So, recently (at least in my guitarist life) I've taken a rather different approach to music in general. Instead of just working on chops-based stuff like nailing Metallica riffs and Bodom solos I've been trying to sharpen my, uh, sense of musicality, so to speak. Even though I'm primarily a metal guitarist and power chords do almost all of my work for me, I've always known complex chords and I've used them here and there. But I'm sort of re-learning how I use them, trying different things with them. I find myself doing less and less noodling and just letting chords ring and fill me with their sound. Just absorbing the feel of specific voicings, wondering "where do we go from here" like I just paused my life in the middle of a chord progression. It's what helps me being creative these days, I feel like.

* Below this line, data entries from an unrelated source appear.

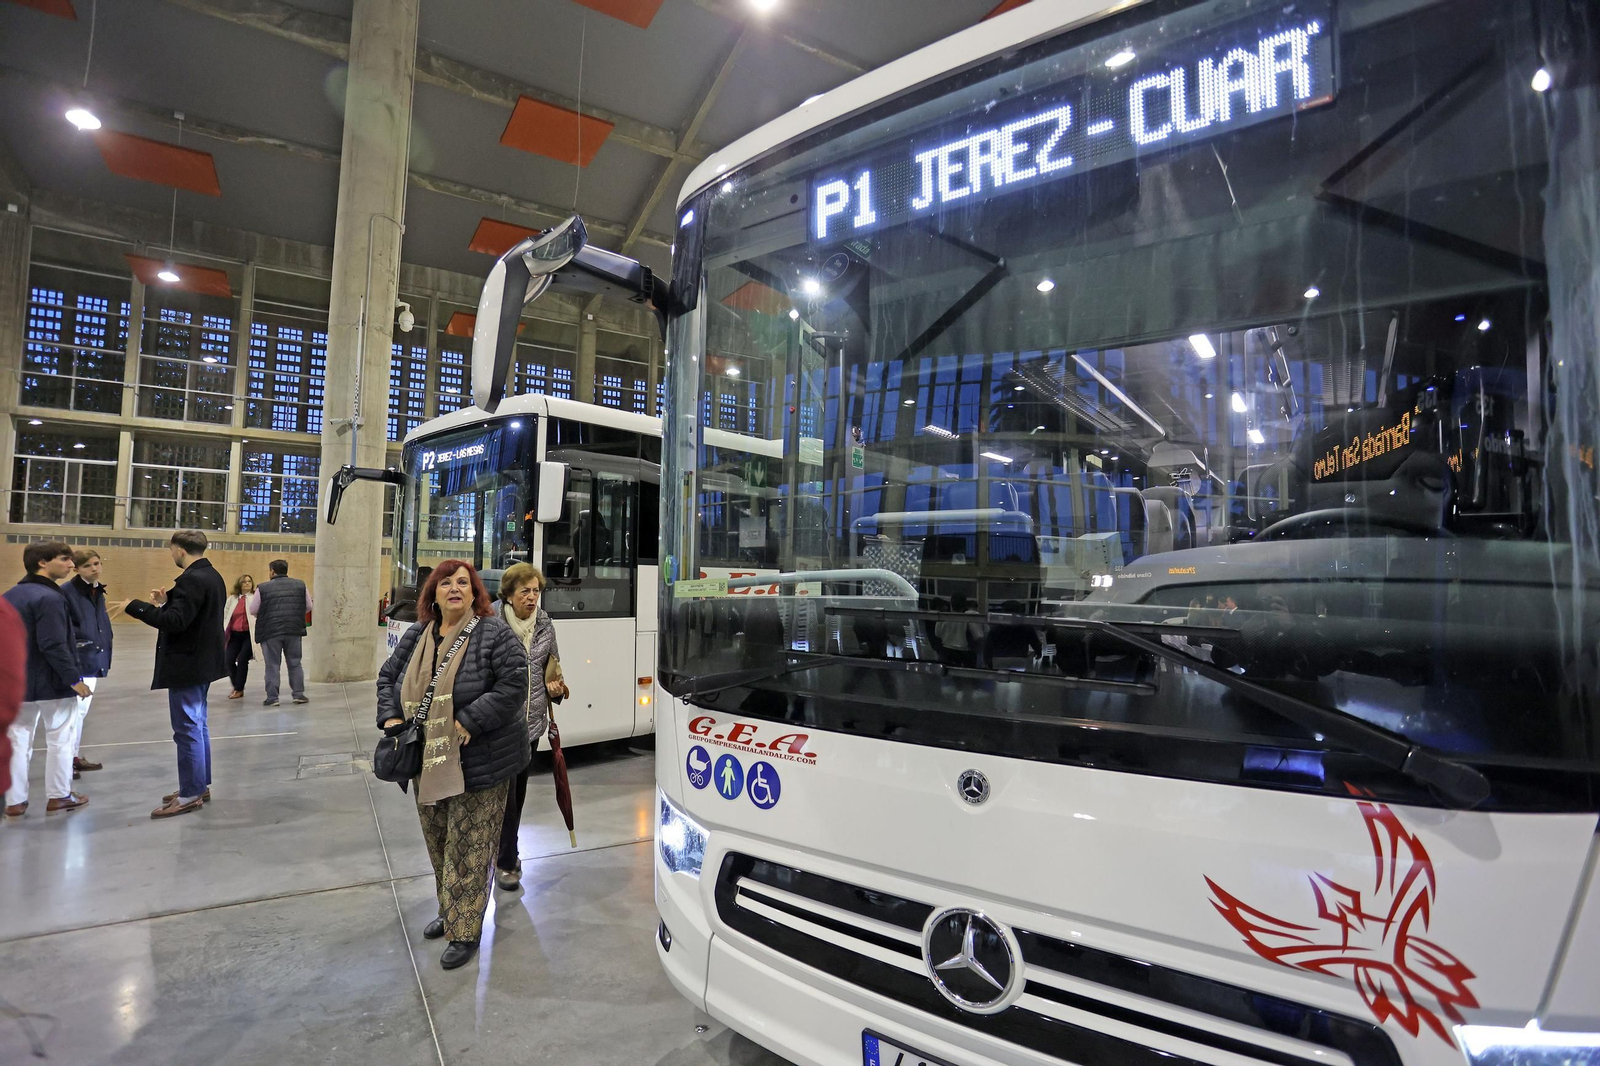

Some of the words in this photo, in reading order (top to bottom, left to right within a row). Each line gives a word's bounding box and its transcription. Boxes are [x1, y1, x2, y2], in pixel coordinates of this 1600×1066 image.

[815, 170, 877, 240] P1
[911, 104, 1074, 211] JEREZ
[1129, 20, 1320, 145] CUAR
[422, 451, 436, 471] P2
[417, 691, 433, 720] BIMBA
[430, 661, 448, 687] BIMBA
[446, 635, 467, 659] BIMBA
[463, 615, 481, 634] BIMBA
[688, 716, 818, 758] G.E.A.
[688, 734, 817, 765] GRUPOEMPRESARIALANDALUZ.COM

So I thought, let's make a thread about this. Come in here, any time you've found a chord that made you go "hmmm" enough that you'd want to share how it made you feel in that moment. It's really tough to describe sounds and feelings with words but I think it's one way to enrich our musical vocabulary.

I'll start this off and see if I can get anyone interested in the idea I have for this thread.

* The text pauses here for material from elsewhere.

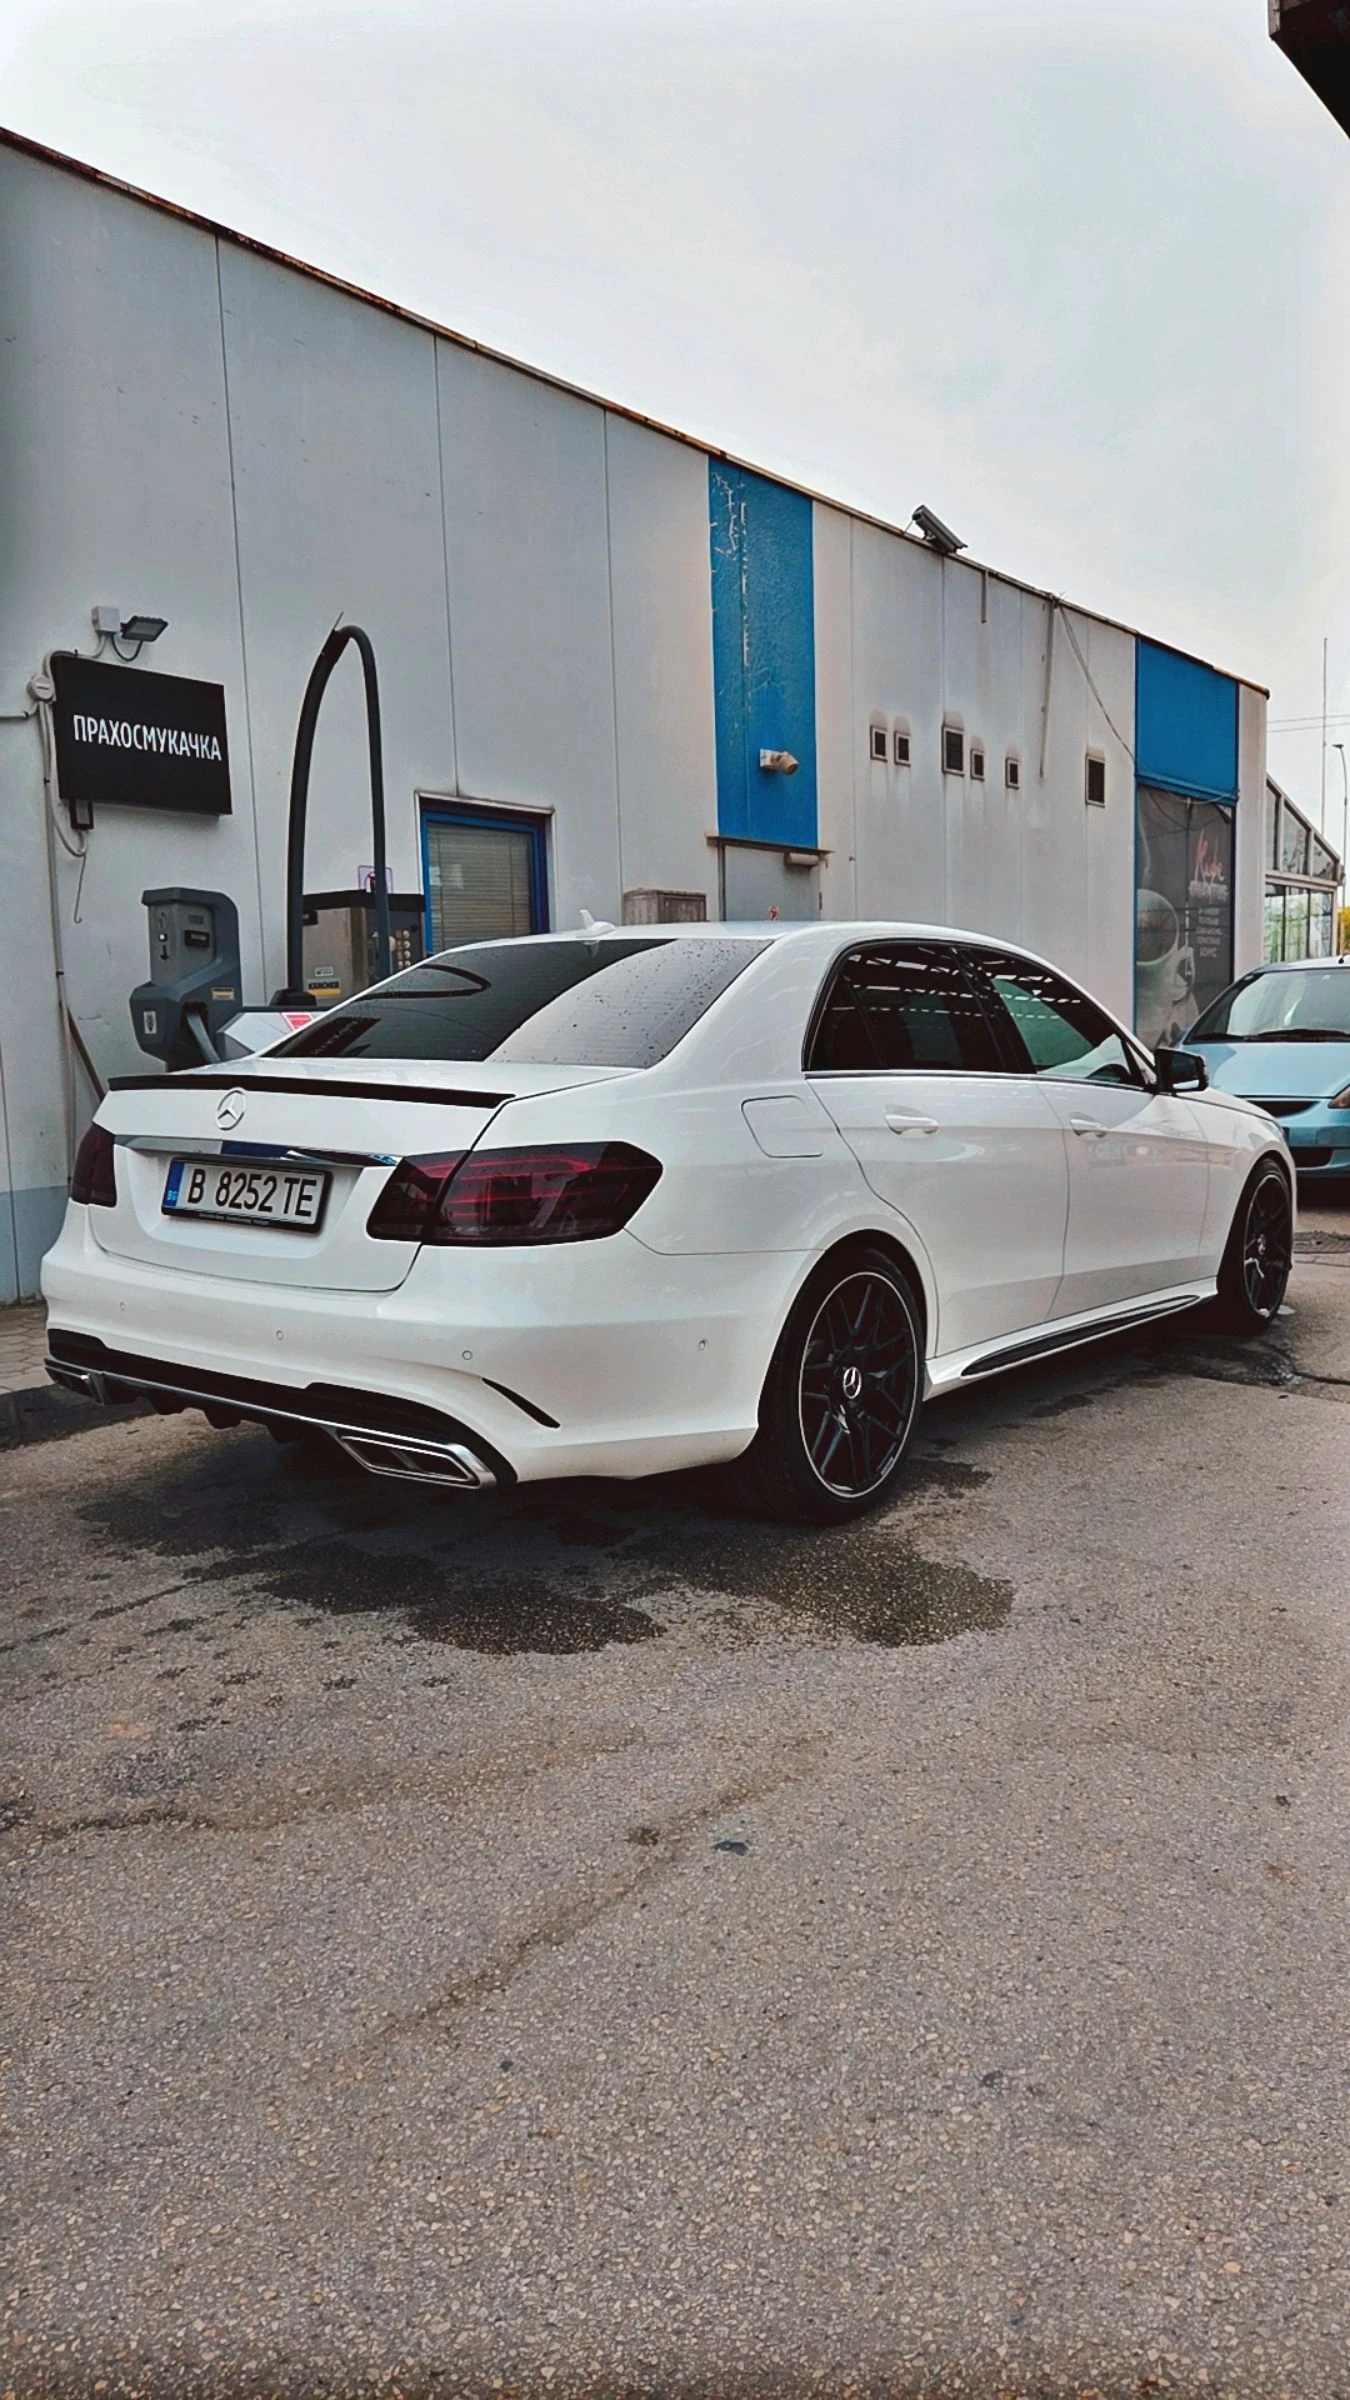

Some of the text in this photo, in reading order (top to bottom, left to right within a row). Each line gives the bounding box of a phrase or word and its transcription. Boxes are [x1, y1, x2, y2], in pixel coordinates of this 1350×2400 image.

[73, 714, 222, 761] ПРАХОСМУКАЧКА
[187, 1168, 317, 1217] B 8252 TE

I play this C7M chord : x32000 (low to high : EADGBe). It's got this sort of melancholic hope sound to it that just mirrors how I've felt so often in my life. Every time I hear a 7M chord voiced like that (sometimes without the highest note, making it a bit darker) it resonates with me. I like the sound of it clean, less so distorted. Think "Soothsayer" by Buckethead, the last chord of the clean intro bit before the song gets energized by the heavy riff. I feel like this chord embodies a feeling I carry with me every day, like it's the musical definition of a big, big side of me. I hope everyone can find a chord or two like that. You tell me about it. If the thread lives long enough, I'll come back when I find another chord I like enough that I want to talk about it to somebody (that's you).

(I also like the added 9th version of this chord... x32033. It gives me the same feeling of melancholic hope, but it's the sound I prefer on my brighter days.)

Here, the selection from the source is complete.